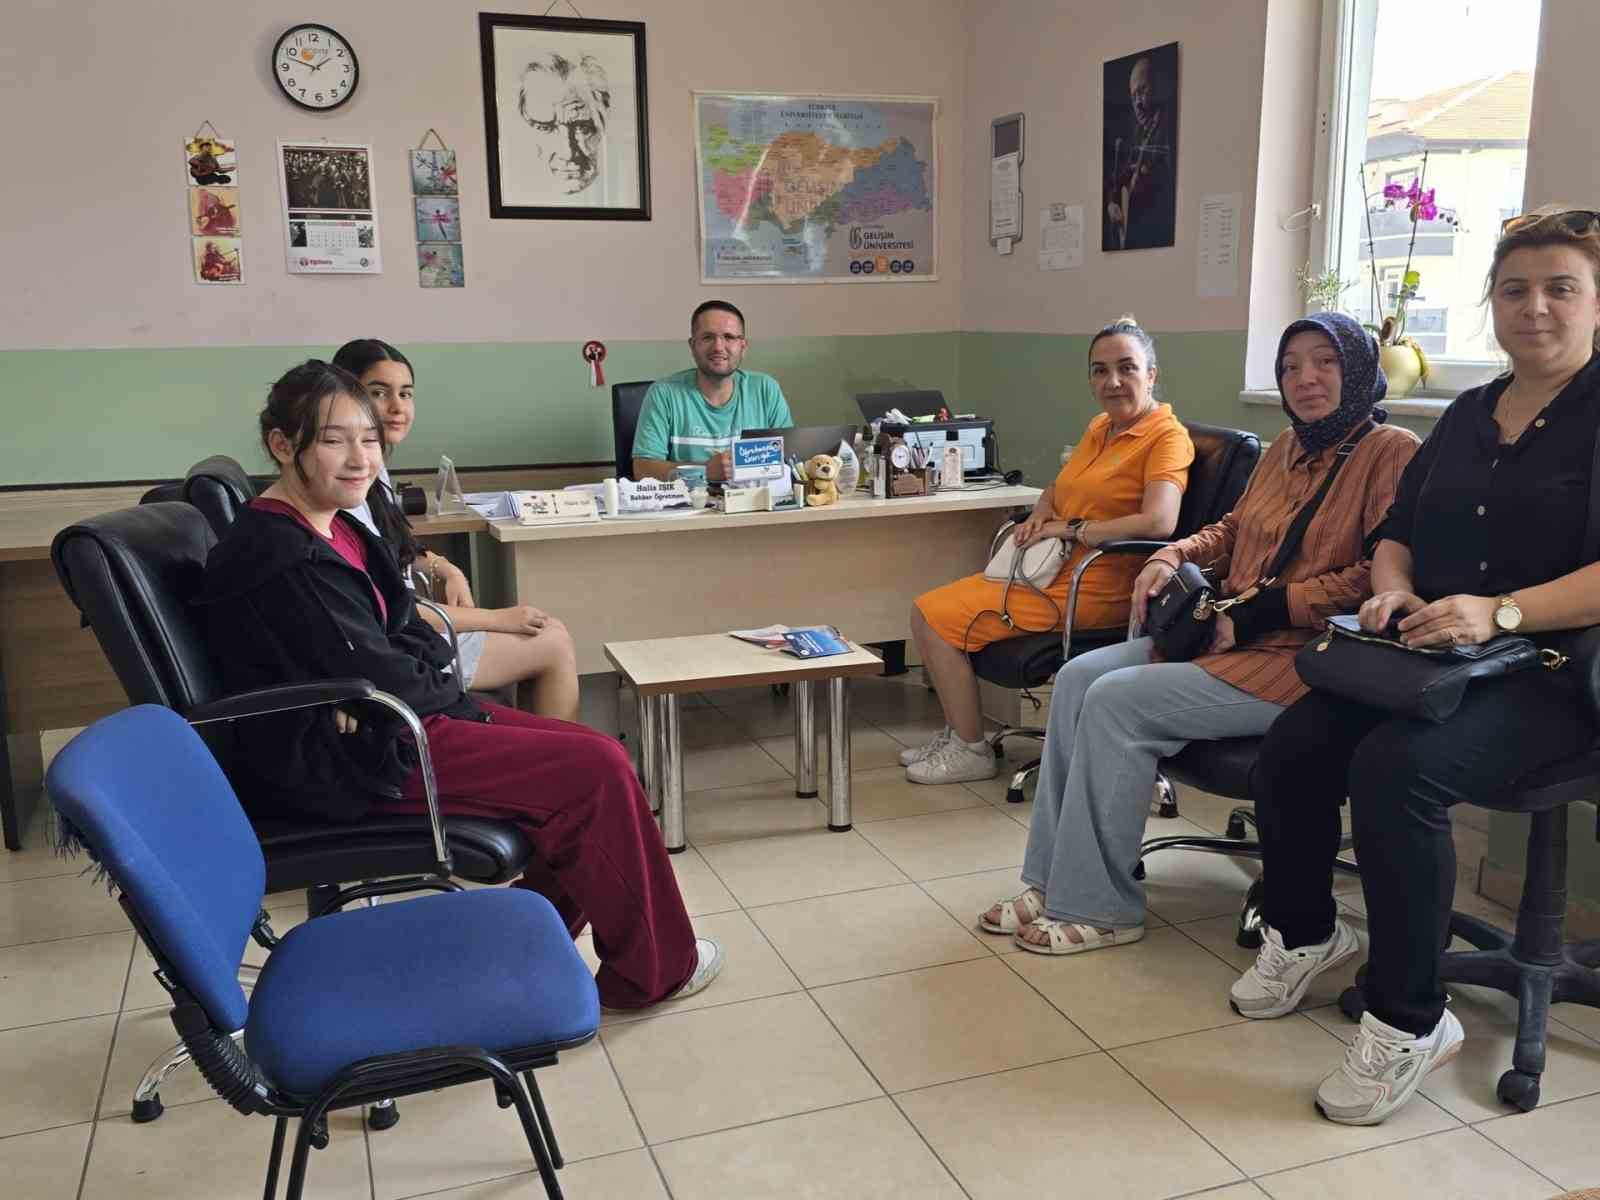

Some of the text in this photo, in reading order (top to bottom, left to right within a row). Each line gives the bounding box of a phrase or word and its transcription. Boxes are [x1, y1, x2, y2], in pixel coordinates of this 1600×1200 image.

[295, 37, 302, 47] 11
[308, 33, 320, 42] 12
[286, 47, 298, 57] 10
[336, 48, 345, 58] 2
[281, 63, 290, 72] 9
[343, 64, 350, 73] 3
[287, 78, 296, 87] 8
[340, 80, 347, 88] 4
[298, 88, 306, 98] 7
[315, 93, 324, 102] 6
[330, 88, 338, 98] 5
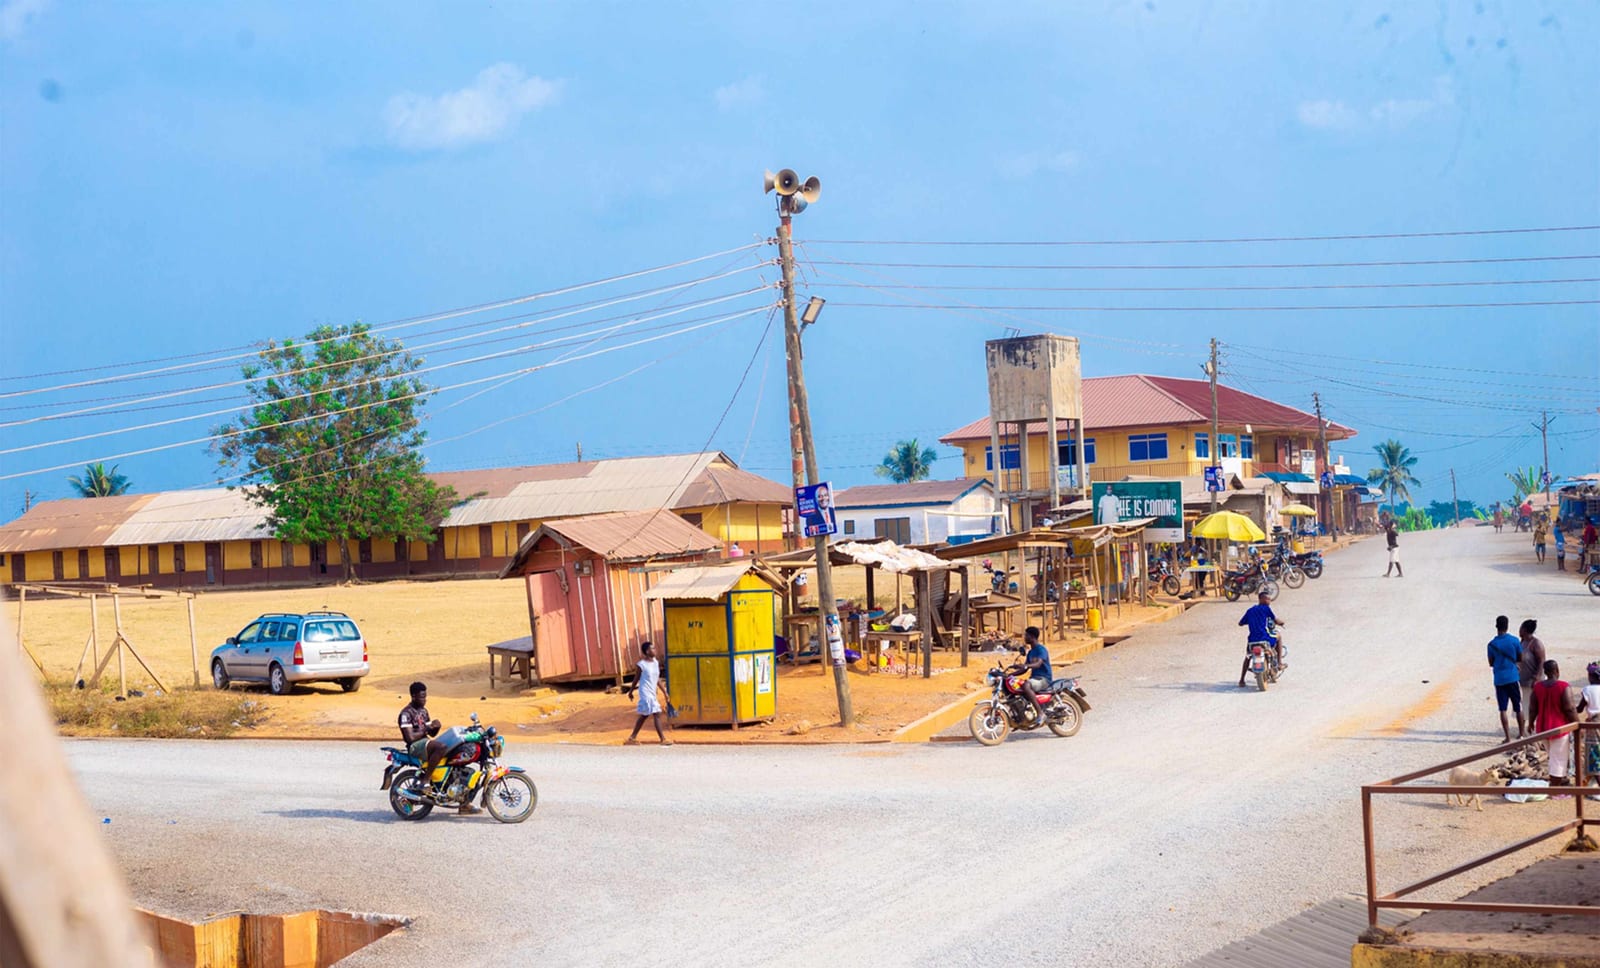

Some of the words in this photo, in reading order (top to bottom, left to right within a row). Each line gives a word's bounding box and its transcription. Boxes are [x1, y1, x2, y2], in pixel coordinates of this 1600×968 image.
^^^^^^^^
__About this exercise__:
In your answer, print the entries above exactly, with the pictures left out.

__Output of the exercise__:
Some of the text in this photo, in reading order (top to bottom, left to right within a row). Each line gives the bounding box of a phrase or word and its transcription. Boxes are [x1, y1, x2, y2], in pixel coordinates of this 1600×1200 image.

[295, 37, 302, 47] 11
[308, 33, 320, 42] 12
[286, 47, 298, 57] 10
[336, 48, 345, 58] 2
[281, 63, 290, 72] 9
[343, 64, 350, 73] 3
[287, 78, 296, 87] 8
[340, 80, 347, 88] 4
[298, 88, 306, 98] 7
[315, 93, 324, 102] 6
[330, 88, 338, 98] 5

Some of the words in this photo, in reading order (top to bottom, left to right within a row). Each line gives a word's bounding box and its transcription. Boxes are [x1, y1, x2, y2], in pixel coordinates of this 1600×968 image.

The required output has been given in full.